Why bother with QC for POCT at all?

The authors push the logical conclusions of their thesis even further. "There is only circumstantial and anecdotal evidence that IQC for POCT is useful, no studies have proven that performing IQC on POC instruments will improve patient outcomes, although it has been shown that good analytical quality is associated with the use of IQC. The importance of analyzing liquid control materials is limited for POCT, and therefore, the IQC routines of hospital laboratories cannot be automatically adopted....Performing IQC has no value if there is no response to alarms."

Take a breath, thank the heavens, here is the solution to all of our problems. Worried about unskilled users making critical diagnoses in a short time period? Particularly users who don't understand QC? The solution is to eliminate QC. Again, we could even alleviate the burden of QC in the core laborotory, simply by employing even more unskilled staff who don't understand or respond to QC. Remember, the further away the lab is from a patient, the less quality we need. If we move far away enough, and if we never were trained on how to respond to an out-of-control event, we don't have to run QC anymore.

In a way, this is a great way to reward ignorance. As the skills of the users decline, the rationale for running QC declines. If they don't really know what they're doing - and most importantly, if they don't respond to their QC alarms - we just don't have to do it. Think of the savings! Laboratories simply need to keep reducing the salaries of their staff to reach the desirable level of ignorance.

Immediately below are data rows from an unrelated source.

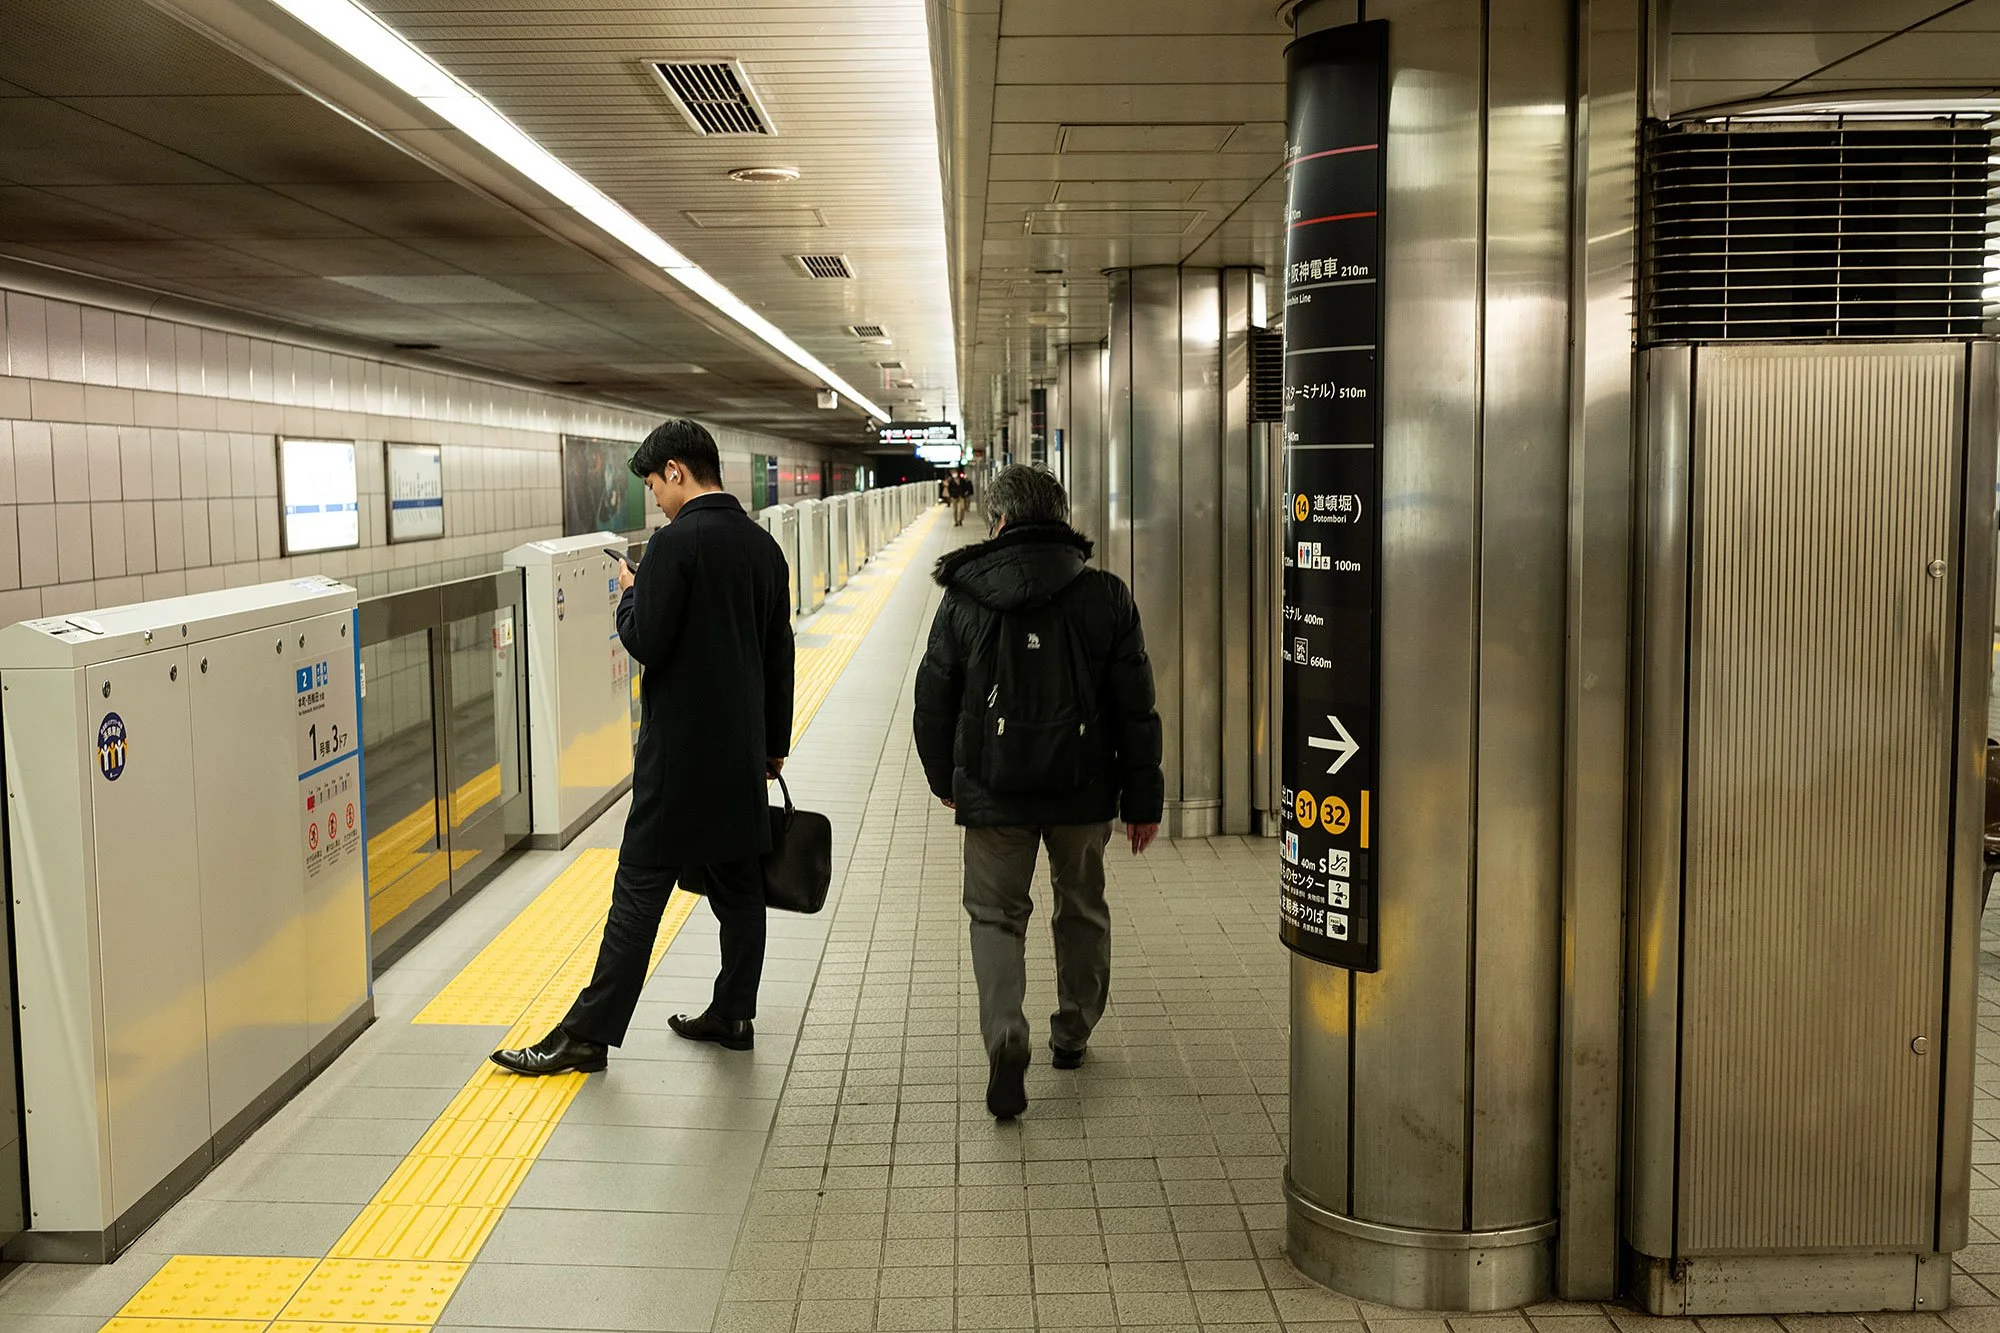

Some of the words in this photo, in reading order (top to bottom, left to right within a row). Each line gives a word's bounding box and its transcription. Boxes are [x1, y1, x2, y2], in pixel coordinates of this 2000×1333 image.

[1341, 265, 1369, 277] 210m
[1299, 293, 1312, 304] Line
[1339, 387, 1367, 399] 510m
[1296, 500, 1308, 515] 14
[1313, 494, 1352, 512] 道頓堀
[1312, 514, 1347, 523] Dotombori
[1334, 560, 1361, 572] 100m
[1303, 613, 1324, 626] 400m
[1310, 656, 1332, 669] 660m
[302, 671, 308, 688] 2
[1298, 797, 1313, 821] 31
[1324, 803, 1346, 827] 32
[1301, 857, 1316, 871] 40m
[1319, 857, 1327, 874] S

It's time to stop being silly about something so serious

Perhaps the authors' intent was to shock laboratory scientists into taking quality of POCT more seriously. But the solution to a quality problem isn't to define quality down. It's to build a better quality system. The increasing lack of skill at POCT is not something to be enabled, but resisted. Building tortuous excuses to accelerate the degradation of quality are a professional breach. 

Quality can be done well at the POCT. It's not a foregone conclusion we have to lower our standards. It may be the easiest approach, but our ethics should guide us higher.